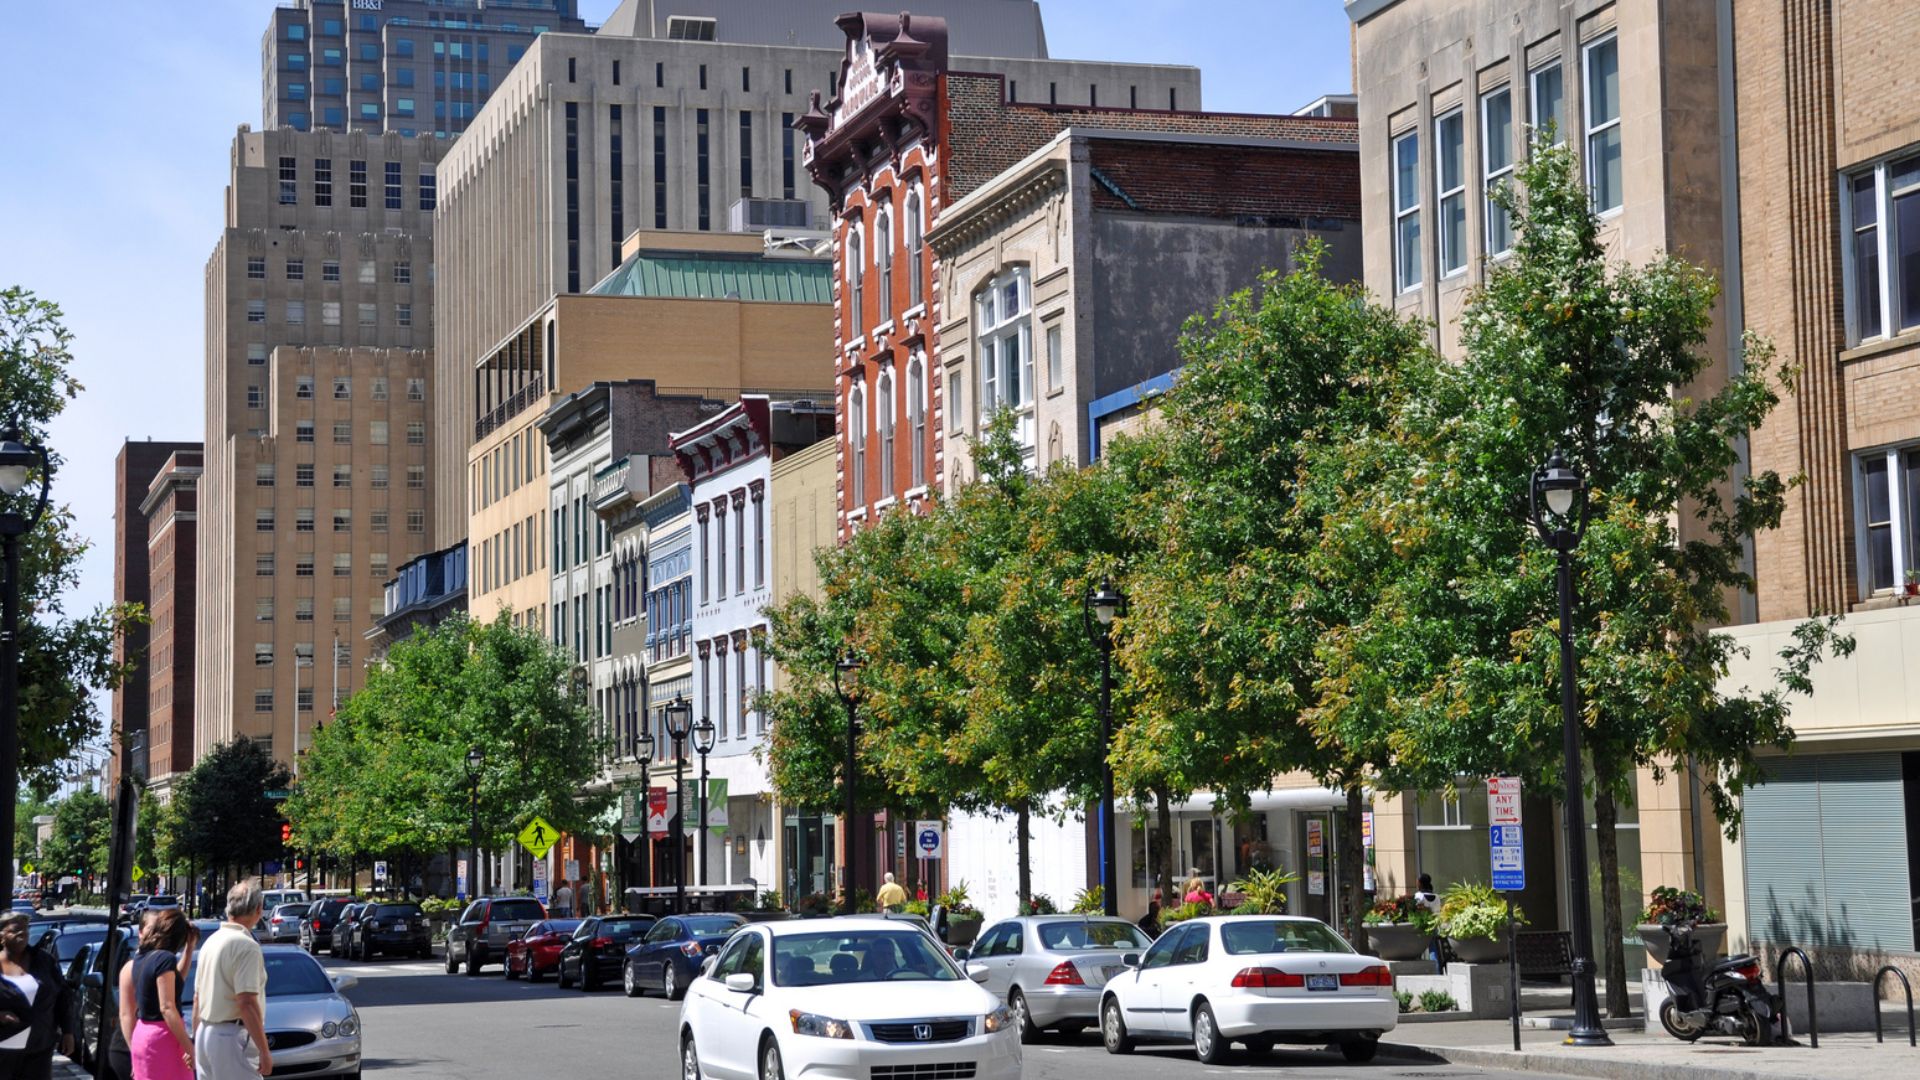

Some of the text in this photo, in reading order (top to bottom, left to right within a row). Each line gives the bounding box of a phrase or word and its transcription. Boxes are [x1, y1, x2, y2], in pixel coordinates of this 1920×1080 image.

[353, 0, 384, 10] BB&T
[1496, 795, 1512, 803] ANY
[1496, 807, 1514, 815] TIME
[1493, 830, 1499, 843] 2

> Task statement
Go through the material above and print all of it exactly, except the pictures.

> Solution
Some of the text in this photo, in reading order (top to bottom, left to right within a row). Each line gives the bounding box of a phrase or word and its transcription. Boxes are [x1, y1, x2, y2], in pixel coordinates of this 1920×1080 image.

[353, 0, 384, 10] BB&T
[1496, 795, 1512, 803] ANY
[1496, 807, 1514, 815] TIME
[1493, 830, 1499, 843] 2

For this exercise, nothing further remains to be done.